> [Records supplied]:
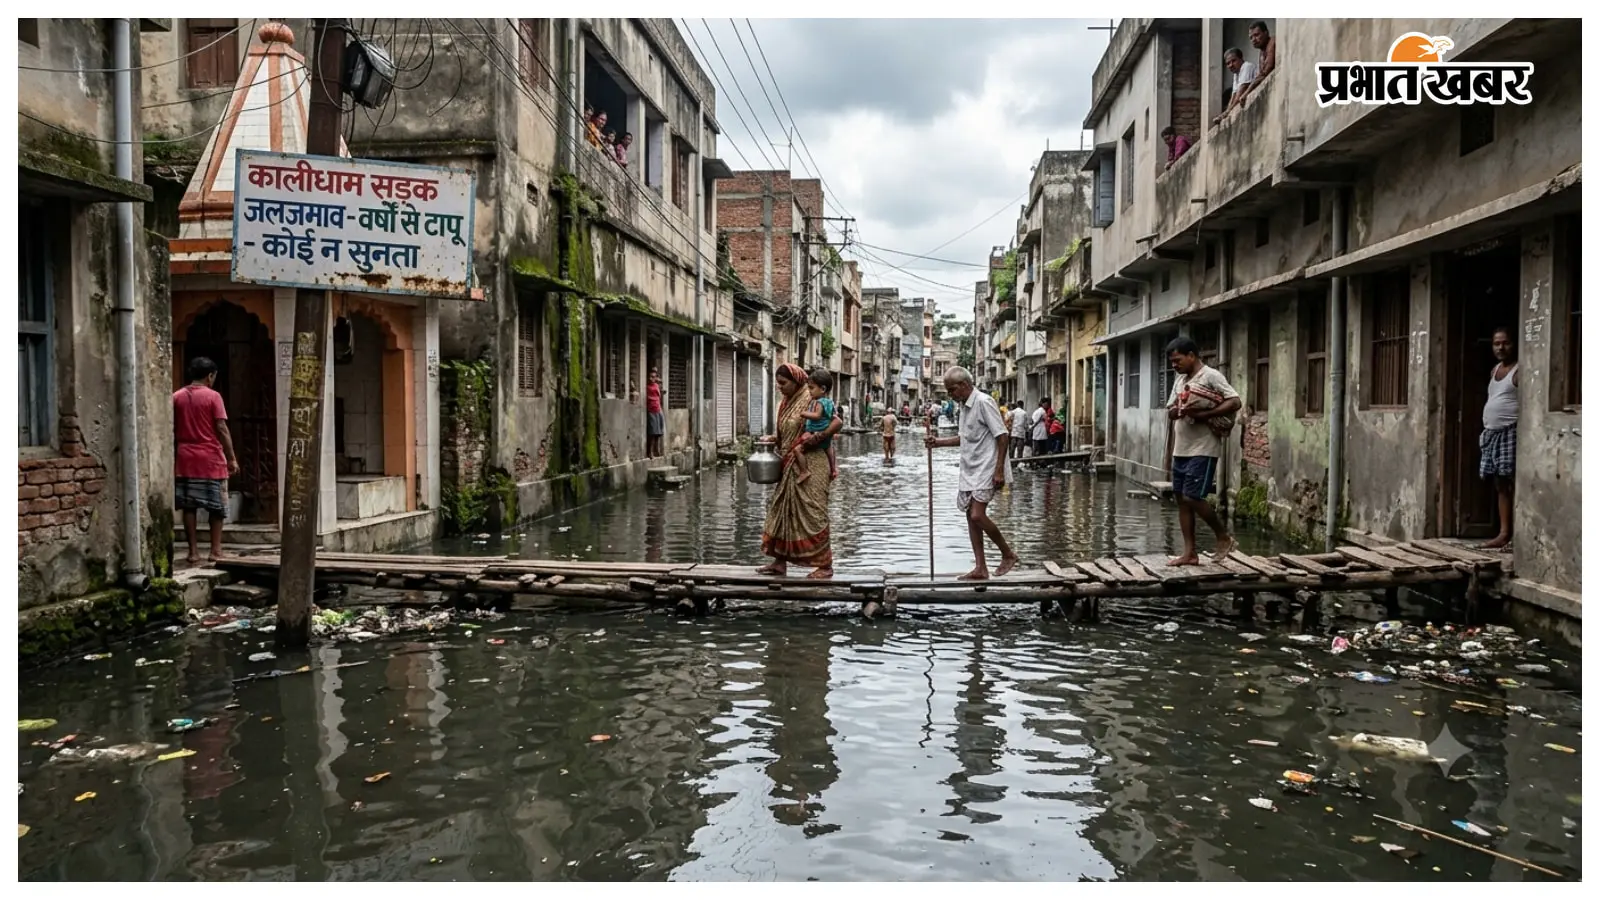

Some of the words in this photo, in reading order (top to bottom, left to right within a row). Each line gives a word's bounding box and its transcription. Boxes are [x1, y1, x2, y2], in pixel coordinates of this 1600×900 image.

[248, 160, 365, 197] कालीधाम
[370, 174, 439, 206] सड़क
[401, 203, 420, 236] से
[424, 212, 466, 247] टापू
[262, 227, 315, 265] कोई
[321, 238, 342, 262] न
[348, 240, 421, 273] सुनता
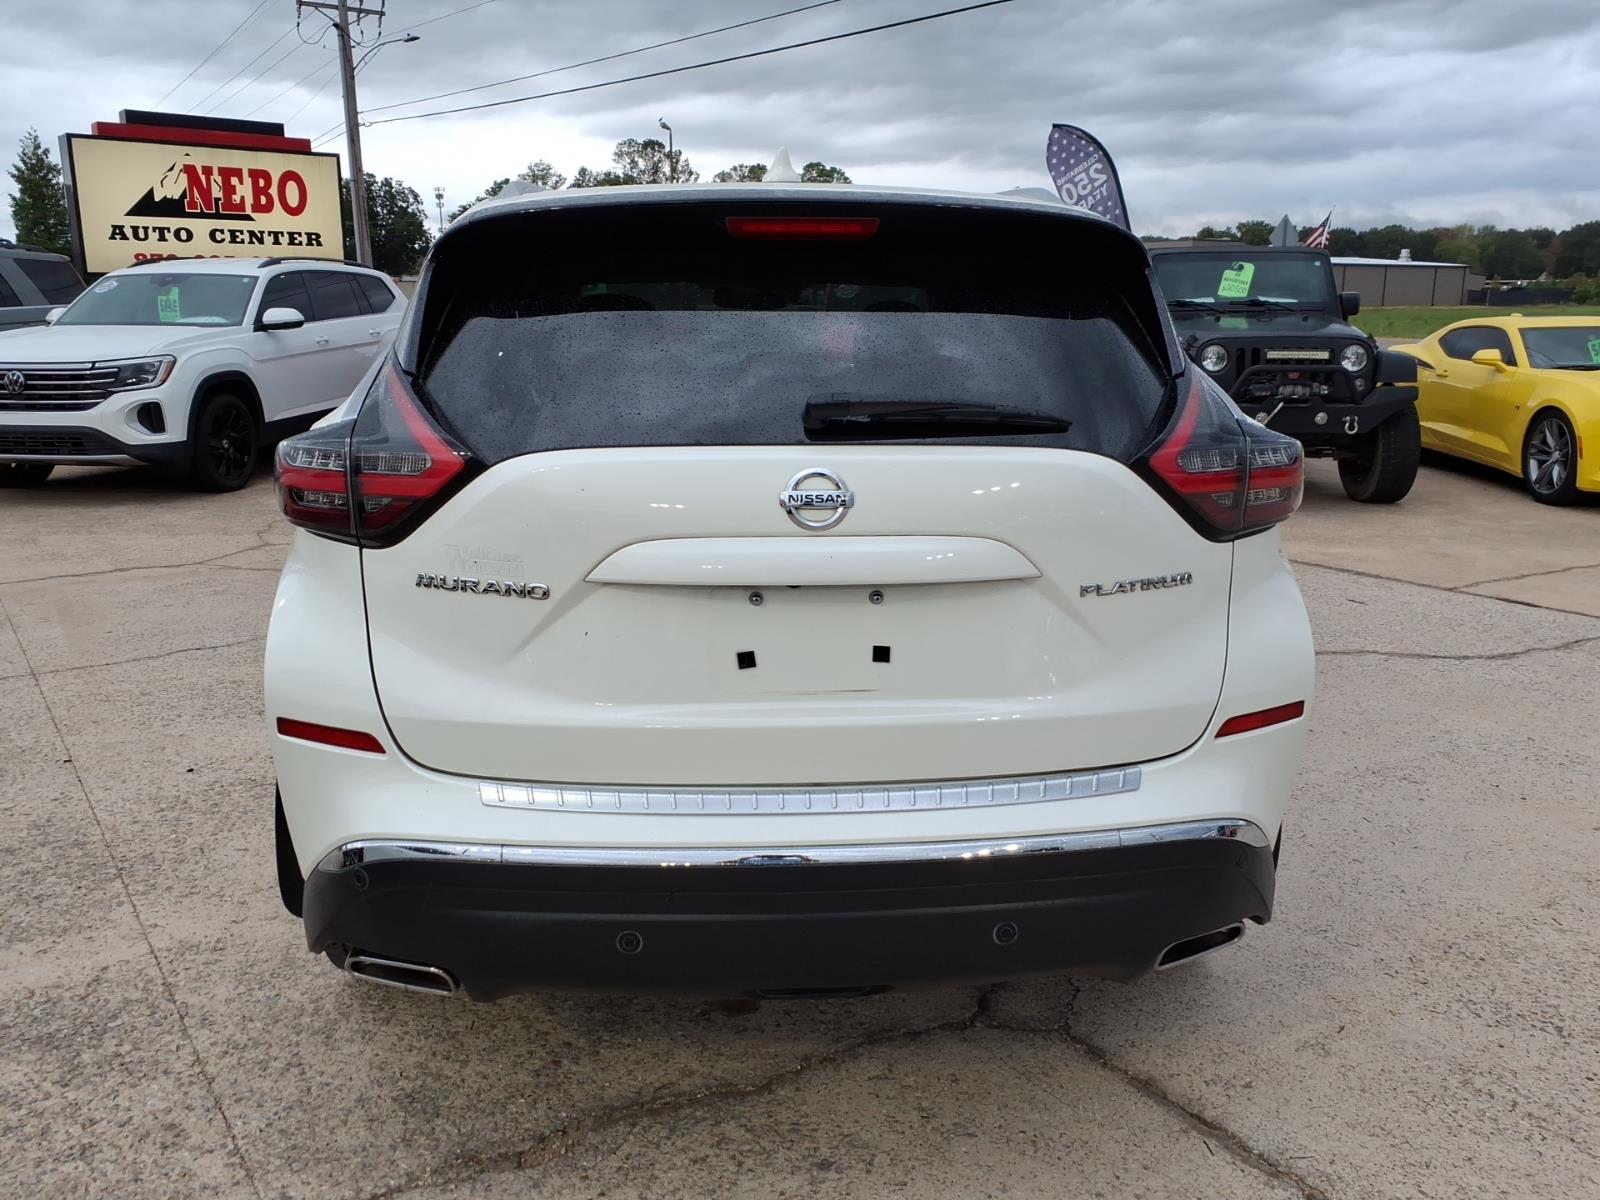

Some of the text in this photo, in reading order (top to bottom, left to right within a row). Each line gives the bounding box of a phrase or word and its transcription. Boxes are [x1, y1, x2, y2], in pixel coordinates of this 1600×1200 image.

> [What the exercise asks]: Output the whole listing exactly. Pictures stay out.

> [Exercise response]:
Some of the words in this photo, in reading order (top to bottom, left to right within a row). Each line gives a word's bounding box and its transcription. Boxes are [x1, y1, x2, y2], in pixel coordinates of this 1600×900 image.

[248, 160, 365, 197] कालीधाम
[370, 174, 439, 206] सड़क
[401, 203, 420, 236] से
[424, 212, 466, 247] टापू
[262, 227, 315, 265] कोई
[321, 238, 342, 262] न
[348, 240, 421, 273] सुनता

Some of the text in this photo, in reading order (top to bottom, left to right within a row). Each line gives the bounding box of a phrase or word and its transcription. Boxes are [x1, y1, x2, y2], in pixel coordinates of this 1600×1200 image.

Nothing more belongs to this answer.